Once you reach the line with "this 1280×1080 image.", copy it and every line after it exactly, up to the end of the data. Omit the pictures.

▸ **Stored items**:

# # # # #

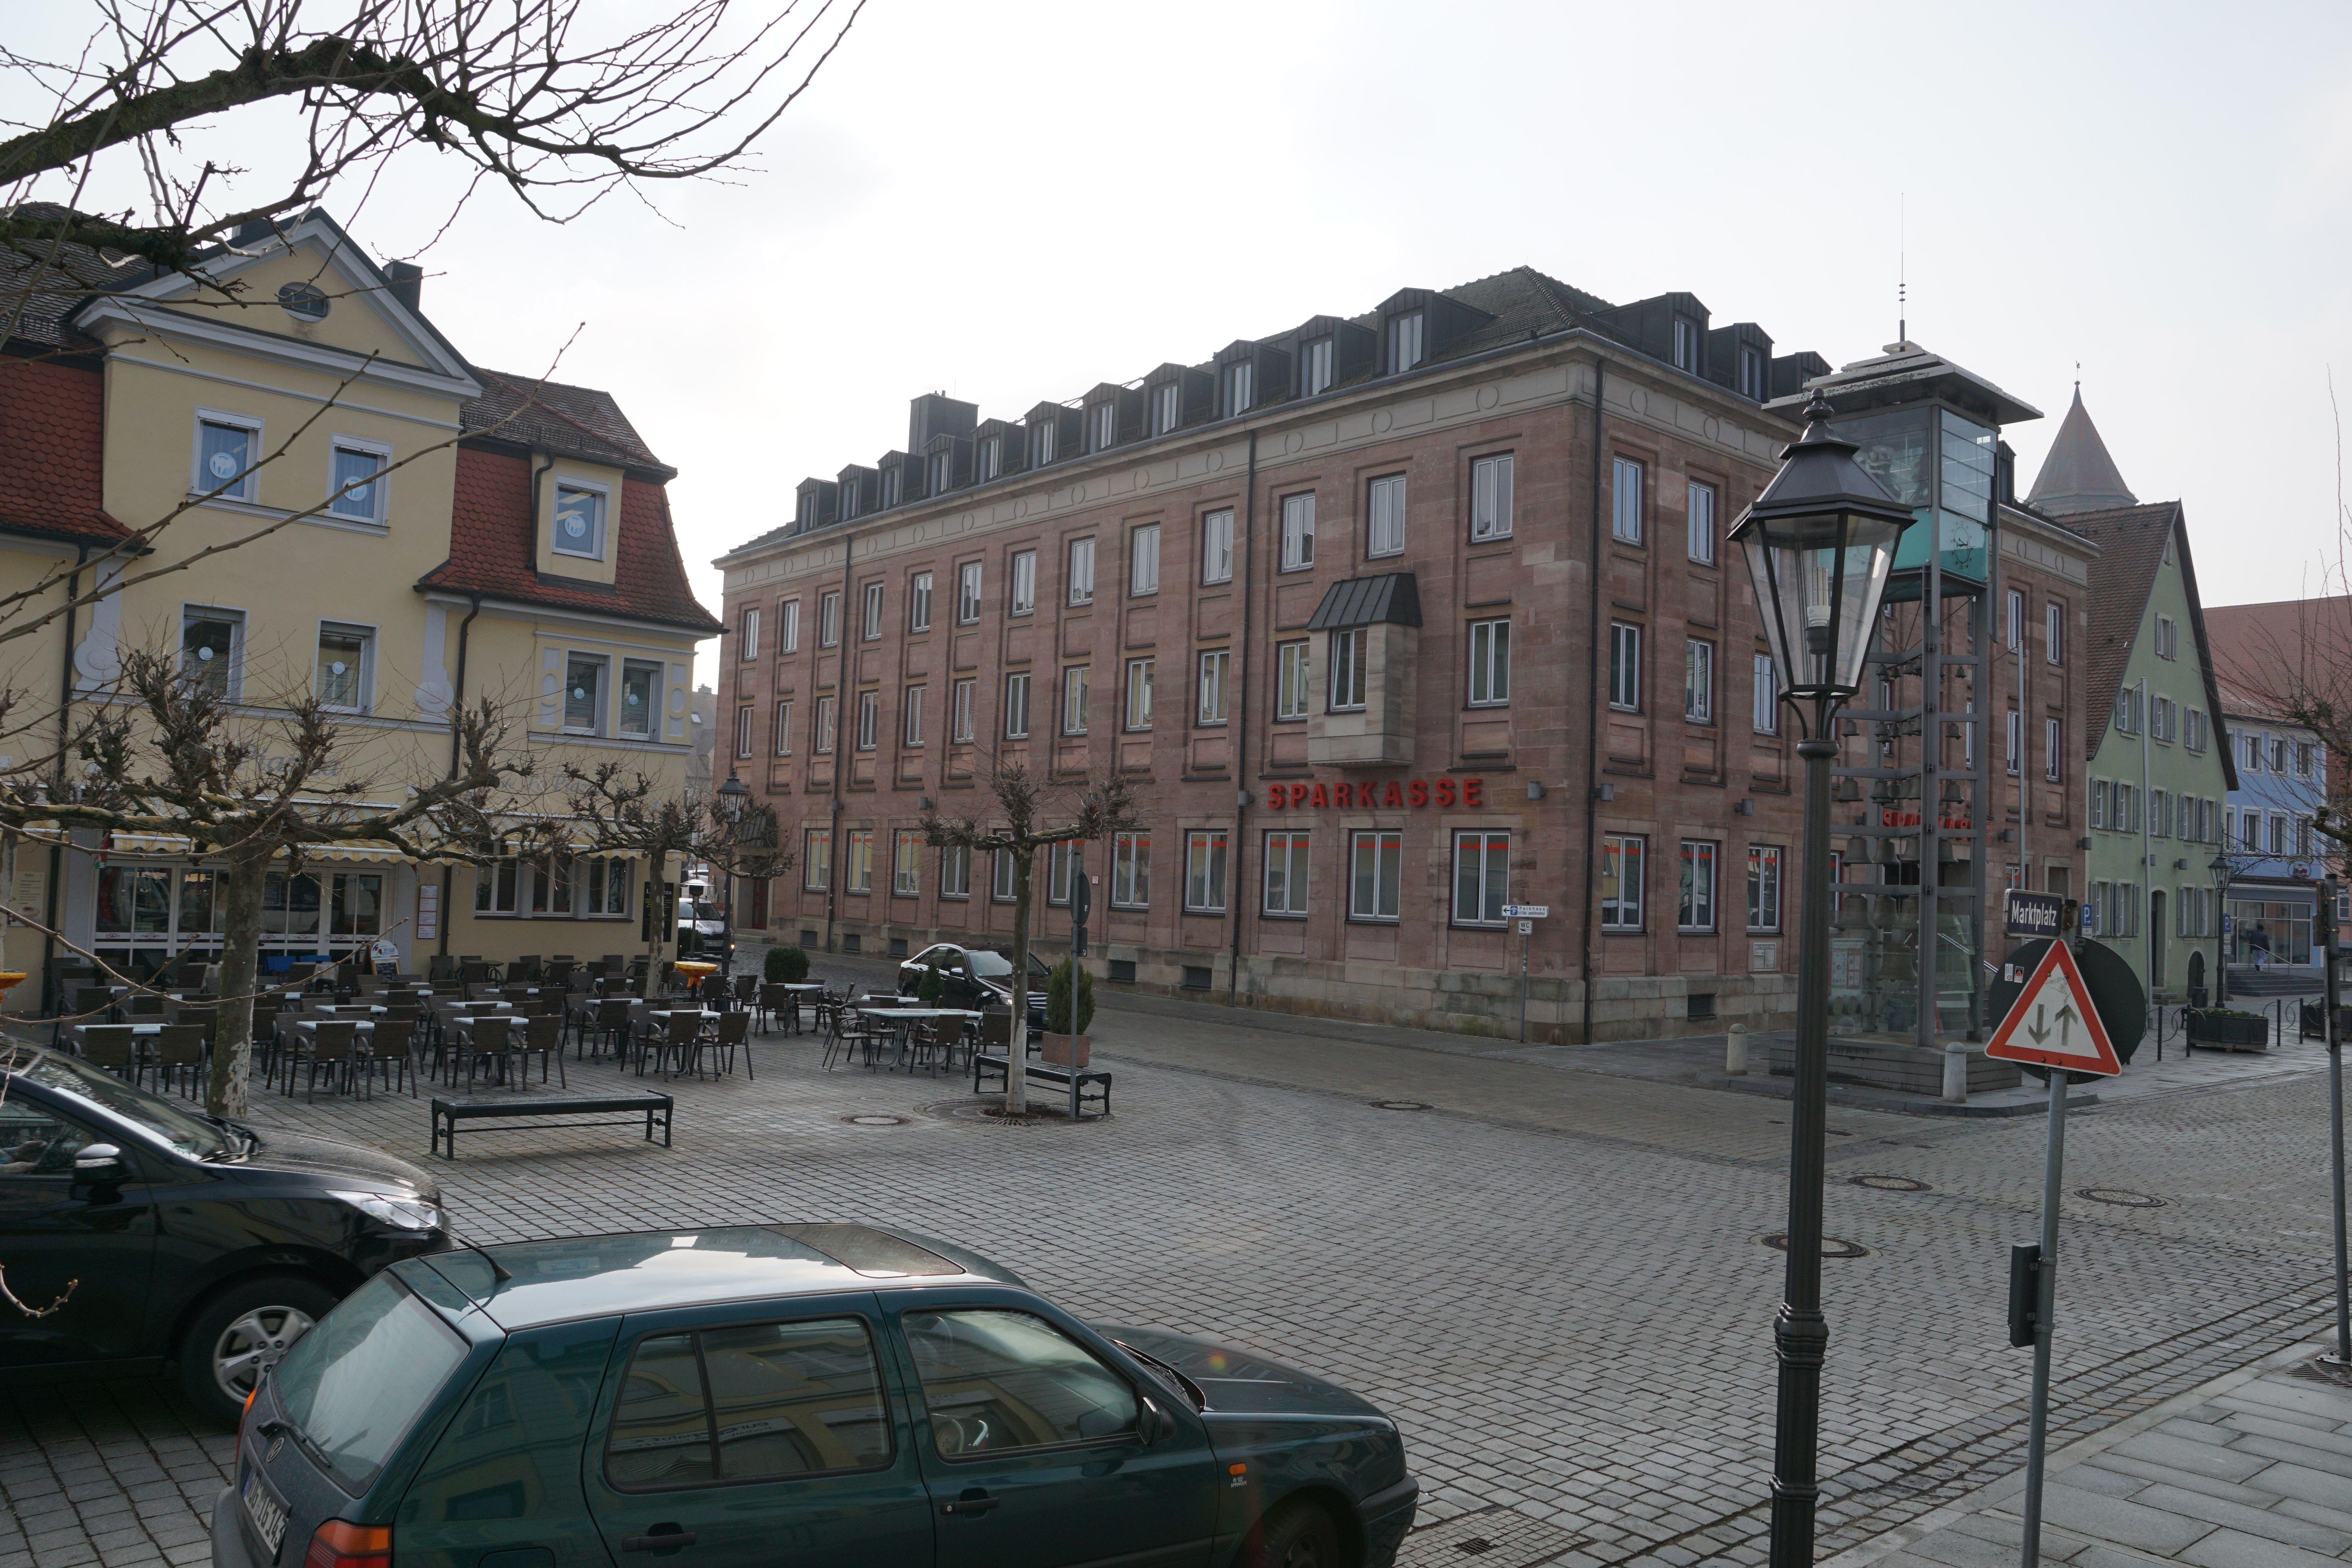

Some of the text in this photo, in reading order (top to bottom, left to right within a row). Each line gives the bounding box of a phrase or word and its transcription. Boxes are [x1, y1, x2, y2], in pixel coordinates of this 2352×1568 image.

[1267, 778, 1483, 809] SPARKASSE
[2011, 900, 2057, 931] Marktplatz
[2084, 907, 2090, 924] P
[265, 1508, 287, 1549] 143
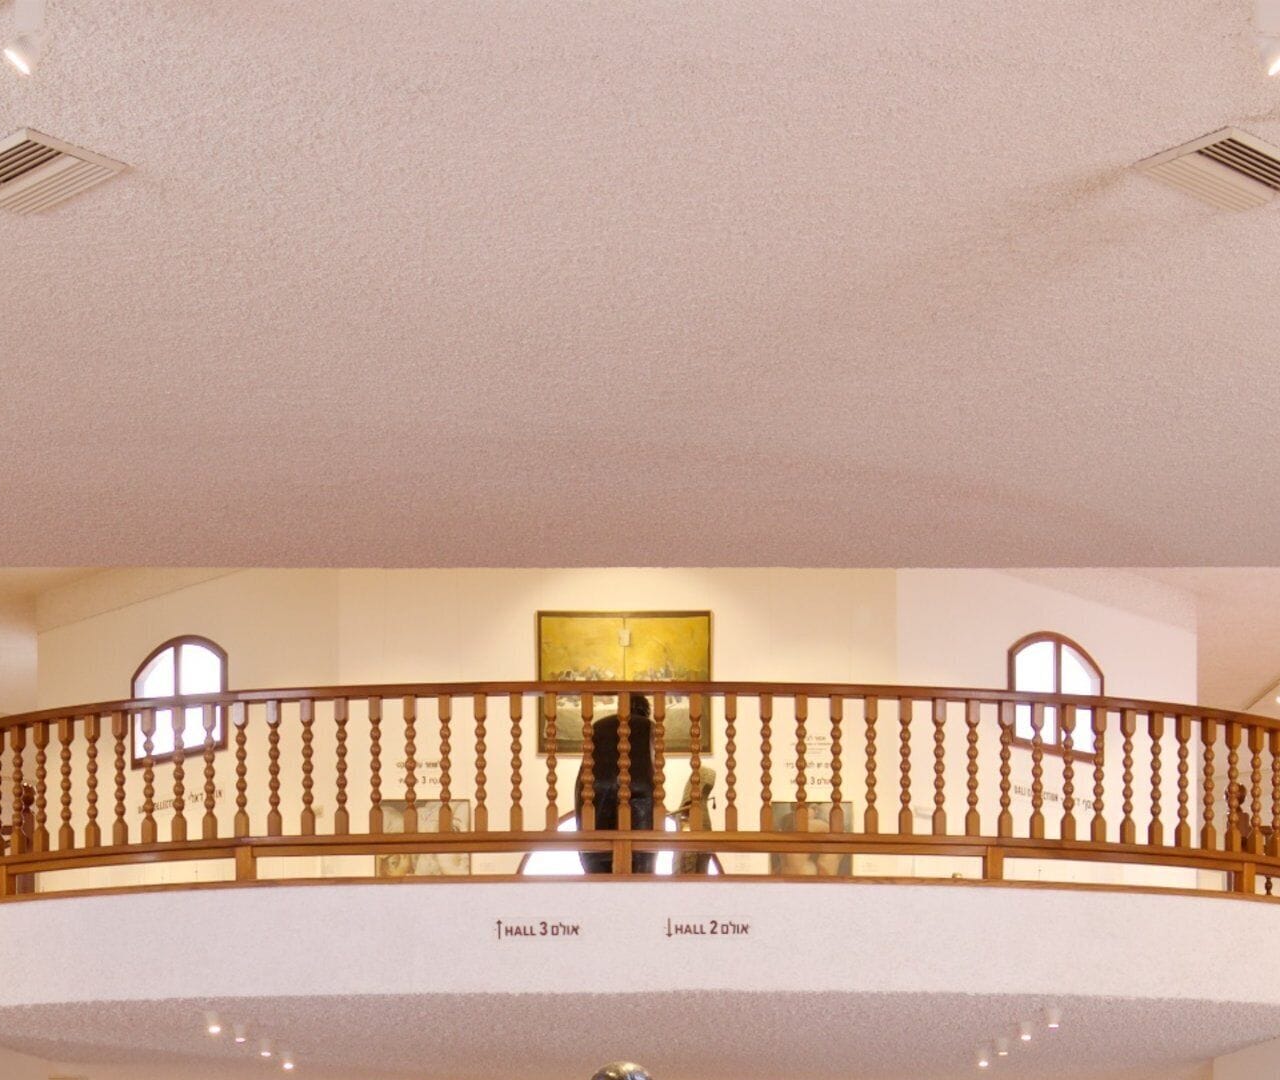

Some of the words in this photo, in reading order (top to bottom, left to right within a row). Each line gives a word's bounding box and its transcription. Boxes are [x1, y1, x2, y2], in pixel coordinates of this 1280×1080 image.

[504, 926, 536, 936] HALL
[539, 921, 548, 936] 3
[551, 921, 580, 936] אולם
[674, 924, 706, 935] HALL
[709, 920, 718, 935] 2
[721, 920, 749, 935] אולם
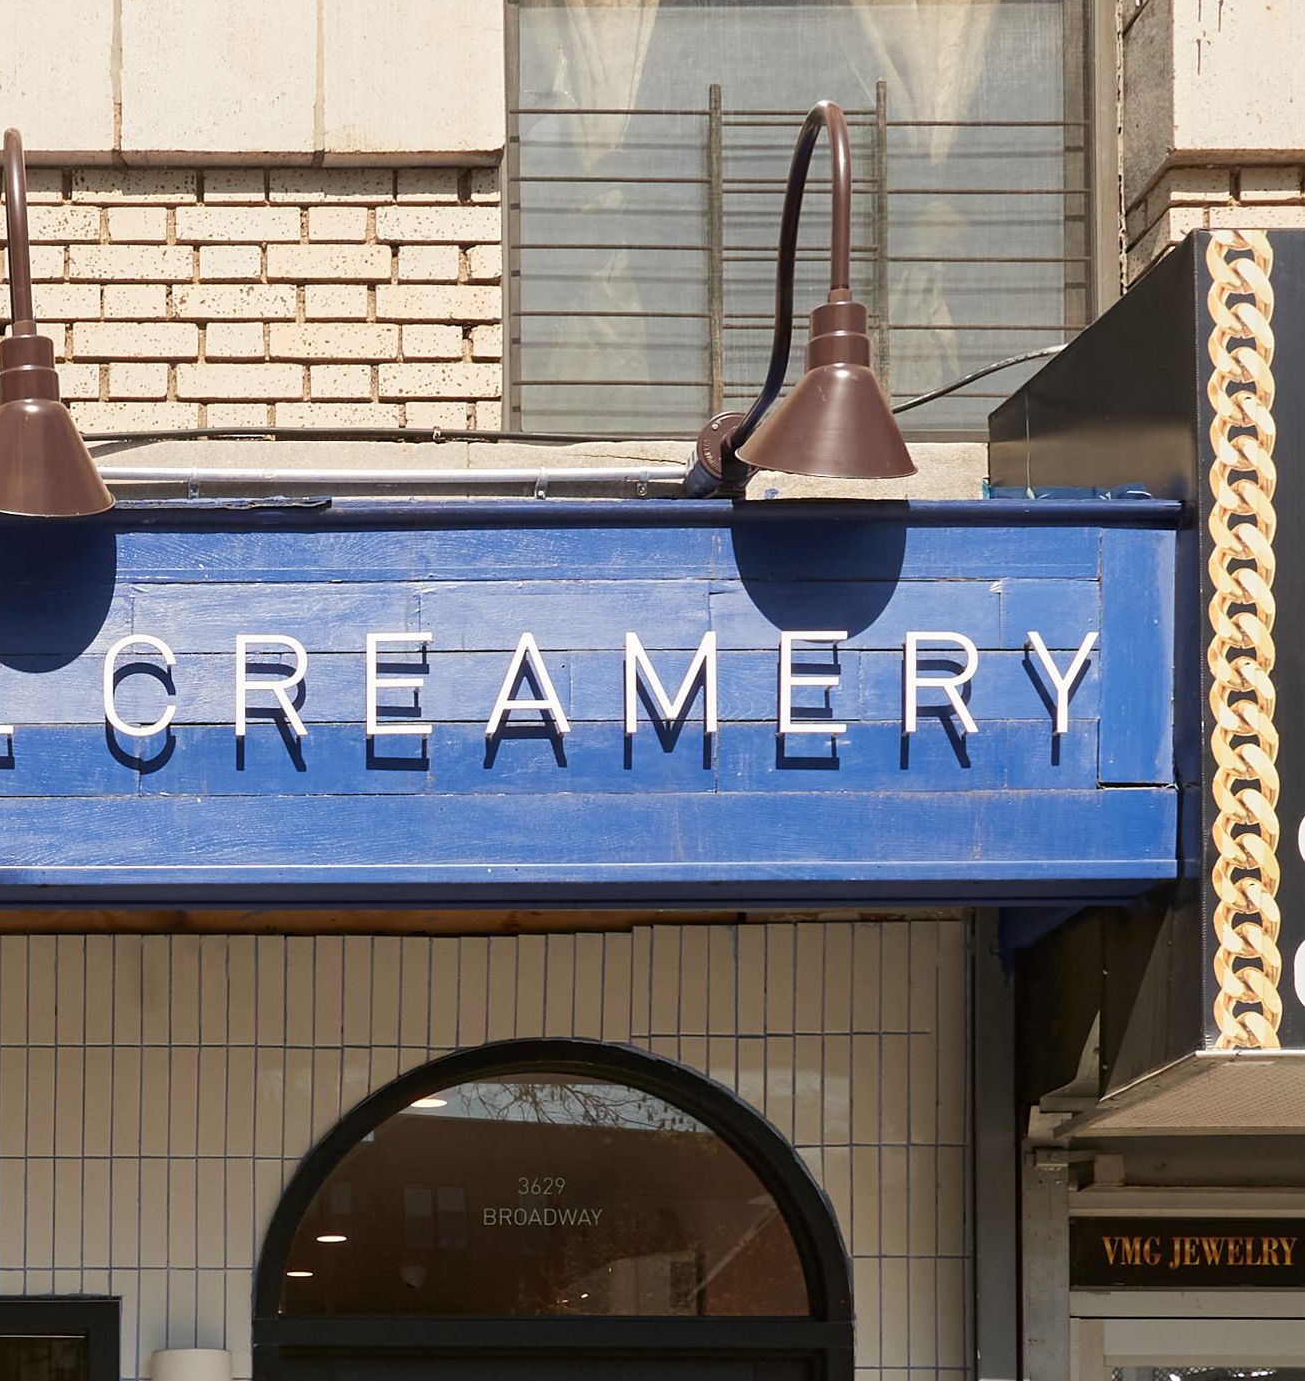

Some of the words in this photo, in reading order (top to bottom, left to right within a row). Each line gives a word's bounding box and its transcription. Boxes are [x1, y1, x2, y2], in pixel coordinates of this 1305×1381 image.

# # # # #

▸ **Response**:
Some of the words in this photo, in reading order (top to bottom, left to right within a row). Each line gives a word's bounding box and its transcription. Boxes are [x1, y1, x2, y2], in pixel coordinates of this 1280×1080 image.

[504, 926, 536, 936] HALL
[539, 921, 548, 936] 3
[551, 921, 580, 936] אולם
[674, 924, 706, 935] HALL
[709, 920, 718, 935] 2
[721, 920, 749, 935] אולם

Some of the words in this photo, in reading order (top to bottom, left to right within a row). Each line gives a word's bounding box and its transcription. Boxes are [x1, y1, x2, y2], in pixel coordinates of this 1305×1381 image.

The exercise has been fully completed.